### Task to carry out
Transcribe all the data, leaving each word as it is.

### Input data

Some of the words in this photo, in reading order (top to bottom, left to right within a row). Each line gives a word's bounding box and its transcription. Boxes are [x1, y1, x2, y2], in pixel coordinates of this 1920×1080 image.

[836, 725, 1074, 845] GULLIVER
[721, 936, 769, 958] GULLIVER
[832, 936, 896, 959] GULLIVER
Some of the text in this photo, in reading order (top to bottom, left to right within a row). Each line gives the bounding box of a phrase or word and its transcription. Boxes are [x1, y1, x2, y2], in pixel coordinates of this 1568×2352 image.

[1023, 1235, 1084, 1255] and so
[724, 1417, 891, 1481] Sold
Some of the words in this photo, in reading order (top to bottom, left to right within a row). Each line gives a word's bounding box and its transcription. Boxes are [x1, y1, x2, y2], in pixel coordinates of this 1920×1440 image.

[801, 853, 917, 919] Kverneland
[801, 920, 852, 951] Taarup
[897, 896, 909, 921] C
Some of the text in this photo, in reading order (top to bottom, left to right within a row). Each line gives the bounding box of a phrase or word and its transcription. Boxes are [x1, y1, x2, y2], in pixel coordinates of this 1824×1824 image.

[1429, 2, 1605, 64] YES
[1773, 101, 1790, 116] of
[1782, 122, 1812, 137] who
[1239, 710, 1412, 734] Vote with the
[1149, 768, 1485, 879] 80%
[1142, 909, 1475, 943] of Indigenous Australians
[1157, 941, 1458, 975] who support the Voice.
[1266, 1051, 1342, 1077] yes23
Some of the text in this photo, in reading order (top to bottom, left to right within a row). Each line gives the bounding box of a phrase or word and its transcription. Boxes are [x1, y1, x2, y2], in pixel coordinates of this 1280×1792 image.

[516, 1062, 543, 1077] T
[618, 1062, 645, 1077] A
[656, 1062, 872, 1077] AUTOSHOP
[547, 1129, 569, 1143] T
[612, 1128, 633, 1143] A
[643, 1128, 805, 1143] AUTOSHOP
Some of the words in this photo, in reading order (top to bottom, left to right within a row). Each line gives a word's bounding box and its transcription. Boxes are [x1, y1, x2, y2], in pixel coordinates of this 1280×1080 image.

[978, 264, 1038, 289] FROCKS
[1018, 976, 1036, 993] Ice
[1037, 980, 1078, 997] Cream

### Your response
Some of the words in this photo, in reading order (top to bottom, left to right within a row). Each line gives a word's bounding box and its transcription. Boxes are [x1, y1, x2, y2], in pixel coordinates of this 1920×1080 image.

[836, 725, 1074, 845] GULLIVER
[721, 936, 769, 958] GULLIVER
[832, 936, 896, 959] GULLIVER
Some of the text in this photo, in reading order (top to bottom, left to right within a row). Each line gives the bounding box of a phrase or word and its transcription. Boxes are [x1, y1, x2, y2], in pixel coordinates of this 1568×2352 image.

[1023, 1235, 1084, 1255] and so
[724, 1417, 891, 1481] Sold
Some of the words in this photo, in reading order (top to bottom, left to right within a row). Each line gives a word's bounding box and its transcription. Boxes are [x1, y1, x2, y2], in pixel coordinates of this 1920×1440 image.

[801, 853, 917, 919] Kverneland
[801, 920, 852, 951] Taarup
[897, 896, 909, 921] C
Some of the text in this photo, in reading order (top to bottom, left to right within a row). Each line gives the bounding box of a phrase or word and its transcription. Boxes are [x1, y1, x2, y2], in pixel coordinates of this 1824×1824 image.

[1429, 2, 1605, 64] YES
[1773, 101, 1790, 116] of
[1782, 122, 1812, 137] who
[1239, 710, 1412, 734] Vote with the
[1149, 768, 1485, 879] 80%
[1142, 909, 1475, 943] of Indigenous Australians
[1157, 941, 1458, 975] who support the Voice.
[1266, 1051, 1342, 1077] yes23
Some of the text in this photo, in reading order (top to bottom, left to right within a row). Each line gives the bounding box of a phrase or word and its transcription. Boxes are [x1, y1, x2, y2], in pixel coordinates of this 1280×1792 image.

[516, 1062, 543, 1077] T
[618, 1062, 645, 1077] A
[656, 1062, 872, 1077] AUTOSHOP
[547, 1129, 569, 1143] T
[612, 1128, 633, 1143] A
[643, 1128, 805, 1143] AUTOSHOP
Some of the words in this photo, in reading order (top to bottom, left to right within a row). Each line gives a word's bounding box and its transcription. Boxes are [x1, y1, x2, y2], in pixel coordinates of this 1280×1080 image.

[978, 264, 1038, 289] FROCKS
[1018, 976, 1036, 993] Ice
[1037, 980, 1078, 997] Cream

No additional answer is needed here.